Apareció Mario, el símbolo de la caravana de migrantes

El niño Mario David Castellanos Murillo, de 12 años, de origen hondureño, se convirtió en símbolo de la caravana de migrantes después de que varios medios de comunicación internacionales lo entrevistaron en Guatemala y revelaron que viajaba solo sin ningún familiar.

El 19 de octubre, Mario, fue detenido por la policía federal mexicana en la frontera de Guatemala y México, y trasladado a un albergue en donde no se sabía su estado de salud. Horas después, un medio local de México lo encontró y lo entrevistó. Mario reveló su experiencia cuando fue detenido.

Según cuenta, un policía lo tomó por el cuello y lo tiró al suelo. Eso le dejó un golpe en el hombro y un raspón. Además, también le afectaron los gases lacrimógenos que lanzó la policía mexicana.

Pero después de esta entrevista el 19 de octubre, nadie volvió a saber el paradero de Mario. NotiBomba envió a un reportero a preguntar por el a dos albergues y no aparecía en el listado de las autoridades.

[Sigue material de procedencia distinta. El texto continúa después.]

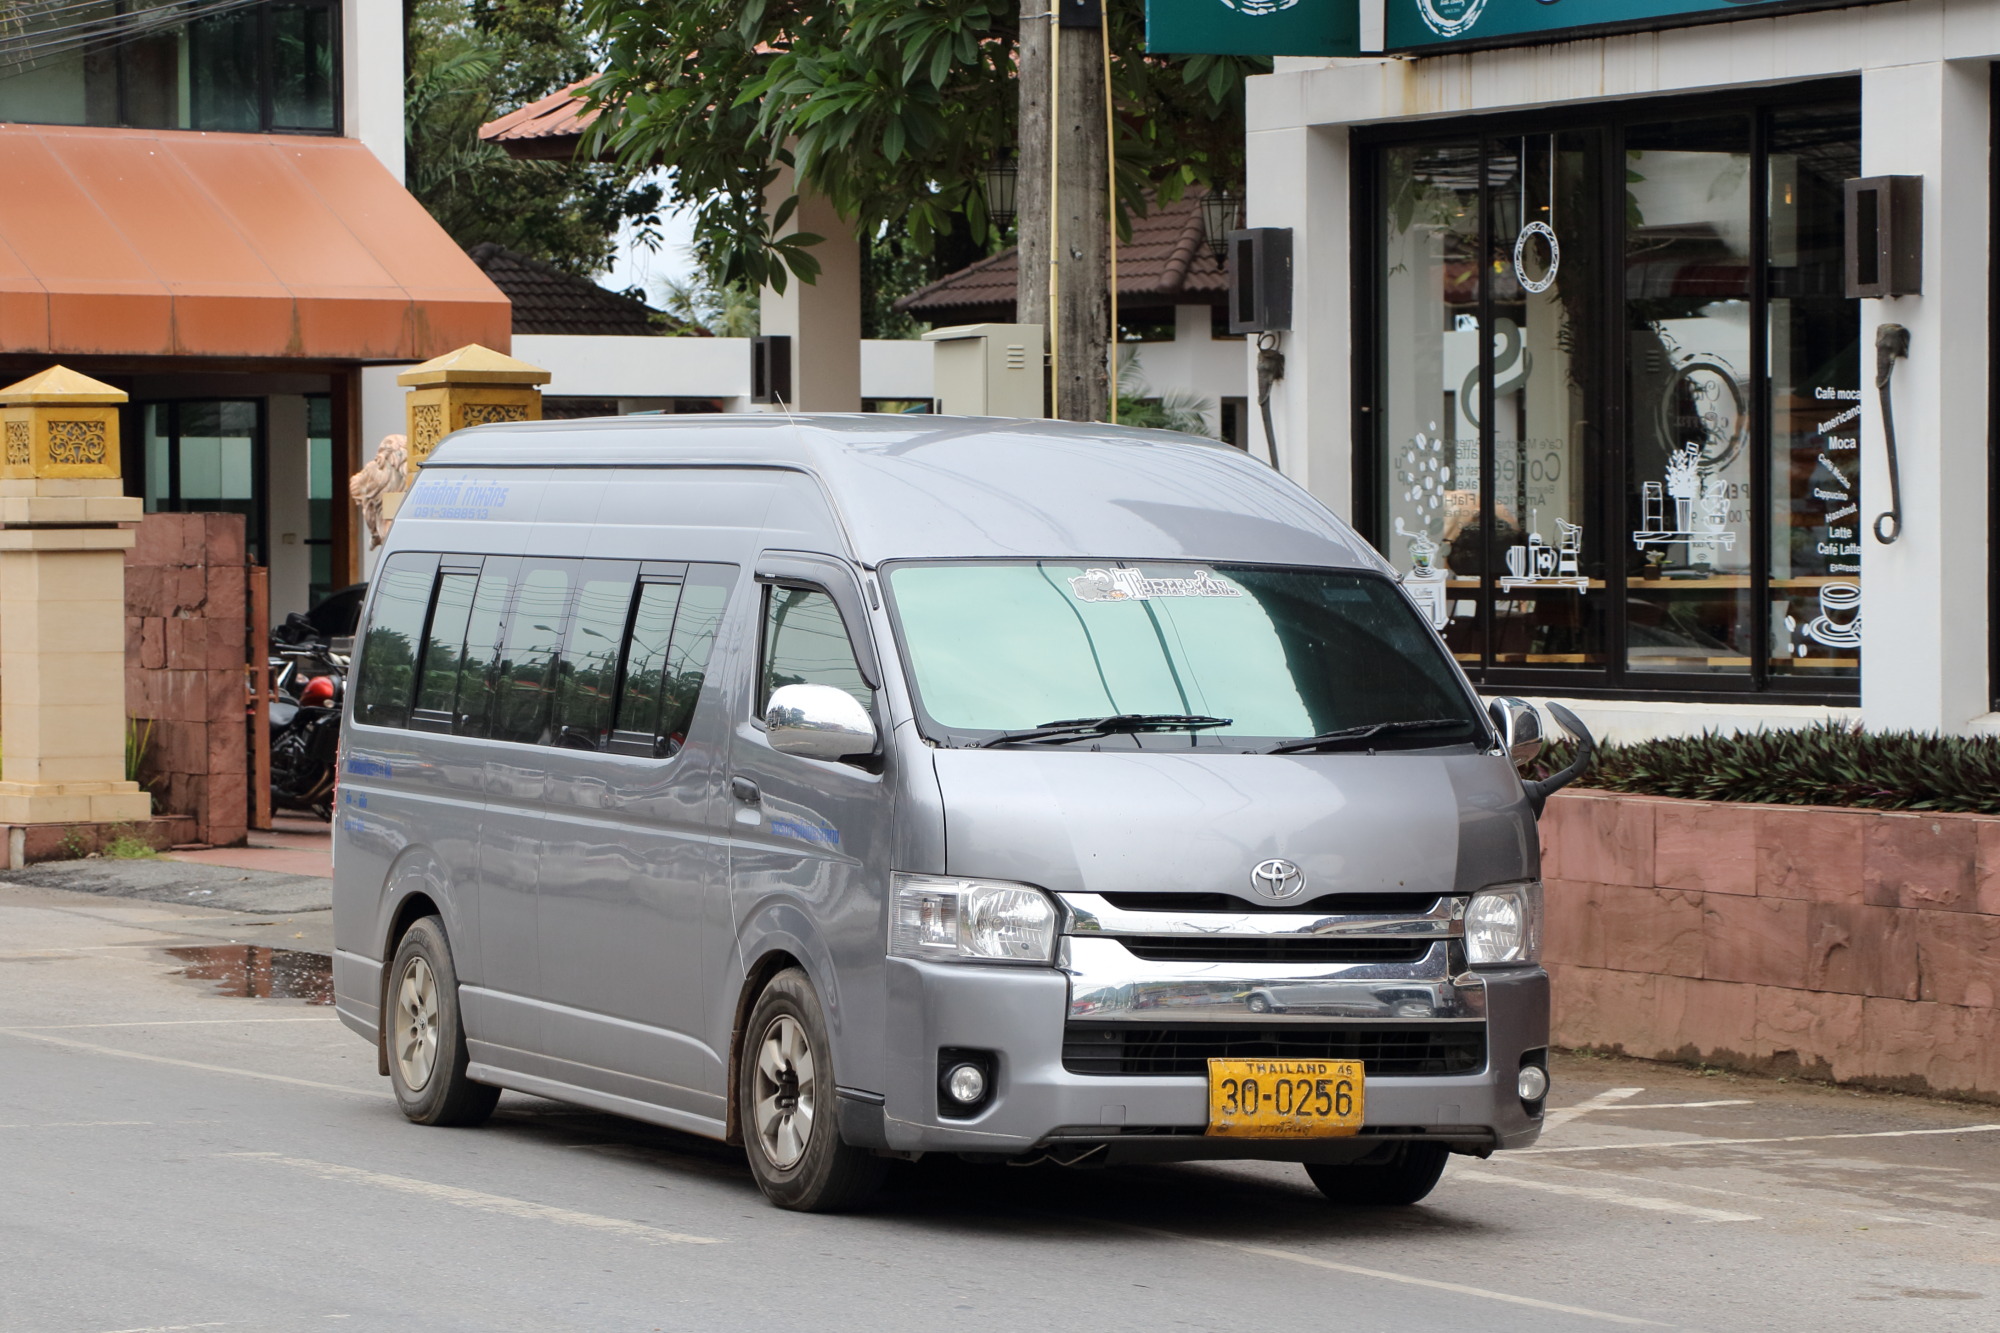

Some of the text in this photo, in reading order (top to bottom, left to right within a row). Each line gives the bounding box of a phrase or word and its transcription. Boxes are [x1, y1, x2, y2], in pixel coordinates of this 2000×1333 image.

[1837, 389, 1861, 400] moca
[1818, 404, 1861, 435] Americano
[1828, 436, 1857, 450] Moca
[1825, 503, 1858, 523] Hazelnut
[1829, 526, 1853, 539] Latte
[1839, 543, 1861, 555] Latte
[1246, 1063, 1327, 1075] THAILAND
[1221, 1078, 1353, 1117] 30-0256

Tras no saber nada de Mario por varios ideas. Notibomba decidió lanzar el vídeo “¿Donde está Mario?”, con el objetivo que las personas en redes sociales ayudaran a localizarlo. Días después, el medio de comunicación mexicano” Televis”, realizó un reportaje de investigación para encontrar al niño, y finalmente dieron con el paradero en un albergue.

Mario David fue ingresado a una estación migratoria en Tapachula y ahora permanece encerrado en un albergue para migrantes menores.

“Solo me golpearon y no se como fui a caer, cuando desperté vi que era de noche, cuando amanecí como en una cárcel, encerrado”, confesó Mario a Televisa.

“Solo me dijeron que me iban a dar los papeles y todo, para andar en México, me siento triste, uno no sale ni nada, no mira nada, si me deportan vuelvo otra vez”, expresó.

En Honduras, Mario David no tuvo la oportunidad de ir a la escuela, no sabe leer ni escribir, “mi papá ganaba muy poco pisto, y le cobraban multa para meterme en la escuela, mi papá no tenía ni para comer”.

Mario vendía chicles en las calles y en el centro de San Pedro Sula, para sobrevivir, “ganaba algunas veces doscientos pesos, pero los volvía a meter en chicles”, dijo el niño Castellanos.